Gil Perez-Abraham and Ali Ahn in Anya (Photo: First Encounter)

★★★ (out of four)
DIRECTED BY Jacob Akira Okada & Carylanna Taylor
STARS Ali Ahn, Motell Foster

An unusual indie effort made on what’s been tagged a “micro-budget,” Anya is a movie rich with ambitions and ideas.

Tackling their first feature after years of shorts and documentaries, writer-director-producers Jacob Akira Okada and Carylanna Taylor place their focus on Libby (Ali Ahn) and Marco (Gil Perez-Abraham), a married couple who desperately want a child. Flashbacks reveal that Libby was a journalist who basically picked up this mysterious immigrant right off the street, but their love flourished and they now want to add to their family. But after Libby suffers several miscarriages, Marco reveals the truth: They cannot conceive because he is “cursed.” Coming from a (fictional) Caribbean island that houses the (fictional) Narval people, he believes the decree that his people cannot produce children if they leave their homes and attempt to procreate with non-Narvals (non-Narvalians?). Since Marco walked away from the isolated Narval community in Brooklyn, he is suffering the same fate.

Motell Foster in Anya

Libby is both dubious and confused, so she takes Marco to see Dr. Seymour Livingston (Motell Foster), a brilliant geneticist and, incidentally, her former boyfriend. Seymour’s tests prove that, in a way, Marco is telling the truth about being cursed — this revelation leads to a journey into the hidden New York Narval community, where Libby and Seymour meet not only Marco’s no-nonsense mother (Ana Maria Jomolca) but also his other wife (Ana Kayne), the one who’s married to his ghost.
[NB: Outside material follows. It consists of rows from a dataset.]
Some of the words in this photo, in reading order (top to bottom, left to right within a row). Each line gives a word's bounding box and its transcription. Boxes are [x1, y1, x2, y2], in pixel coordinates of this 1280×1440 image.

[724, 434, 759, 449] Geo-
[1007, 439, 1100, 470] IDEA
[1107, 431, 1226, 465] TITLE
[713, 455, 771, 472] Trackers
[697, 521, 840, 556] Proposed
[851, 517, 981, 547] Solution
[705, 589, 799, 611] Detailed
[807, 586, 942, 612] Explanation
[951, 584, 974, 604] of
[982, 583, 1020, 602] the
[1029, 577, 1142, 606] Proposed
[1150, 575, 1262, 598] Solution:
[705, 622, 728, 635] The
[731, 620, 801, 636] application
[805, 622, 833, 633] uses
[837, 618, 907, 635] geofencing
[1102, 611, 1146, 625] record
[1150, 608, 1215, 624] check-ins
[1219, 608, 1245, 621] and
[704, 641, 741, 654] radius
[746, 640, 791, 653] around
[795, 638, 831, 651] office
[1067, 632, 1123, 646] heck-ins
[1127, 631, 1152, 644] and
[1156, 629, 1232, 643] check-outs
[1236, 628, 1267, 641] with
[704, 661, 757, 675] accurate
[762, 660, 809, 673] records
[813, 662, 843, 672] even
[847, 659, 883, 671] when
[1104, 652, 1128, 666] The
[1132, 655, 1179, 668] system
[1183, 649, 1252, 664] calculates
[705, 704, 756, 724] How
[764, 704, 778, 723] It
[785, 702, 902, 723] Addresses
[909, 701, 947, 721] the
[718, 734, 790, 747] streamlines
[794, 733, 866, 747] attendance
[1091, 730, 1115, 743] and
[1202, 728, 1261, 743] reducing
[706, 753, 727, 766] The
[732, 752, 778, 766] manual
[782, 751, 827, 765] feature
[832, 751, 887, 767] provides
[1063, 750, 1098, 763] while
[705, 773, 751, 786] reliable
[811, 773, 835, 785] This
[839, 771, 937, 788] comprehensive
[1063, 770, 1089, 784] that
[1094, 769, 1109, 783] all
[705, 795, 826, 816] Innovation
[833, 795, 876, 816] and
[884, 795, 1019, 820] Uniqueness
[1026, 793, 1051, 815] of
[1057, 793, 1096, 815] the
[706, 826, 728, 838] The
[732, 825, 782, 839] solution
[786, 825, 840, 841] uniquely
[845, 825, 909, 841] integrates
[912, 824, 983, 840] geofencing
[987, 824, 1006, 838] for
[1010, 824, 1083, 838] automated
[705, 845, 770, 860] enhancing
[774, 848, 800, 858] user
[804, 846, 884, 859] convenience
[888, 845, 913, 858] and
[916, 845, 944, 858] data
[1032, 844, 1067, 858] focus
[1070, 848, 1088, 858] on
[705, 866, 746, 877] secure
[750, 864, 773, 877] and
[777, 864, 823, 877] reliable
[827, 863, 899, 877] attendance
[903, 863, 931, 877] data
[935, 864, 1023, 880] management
The meaning of the title becomes obvious to anyone paying attention (and actually acts as a spoiler of sorts), but beyond that, there isn’t much about Anya that’s predictable. It’s a love story, family drama, and science experiment all rolled into one, and Okada and Taylor do a fine job of easing from one chapter of the saga into the next. The score is often unnecessary and overbearing, and Seymour’s climactic about-face seems abrupt given his aspirations throughout the rest of the film. But the performances by Ahn and Foster are first-rate, and the attention to detail given to the Narval people serves to further deepen an already weighty story.

(Anya is now available on demand on Amazon Prime, Vudu, and other streaming services, and also available for purchase on DVD.)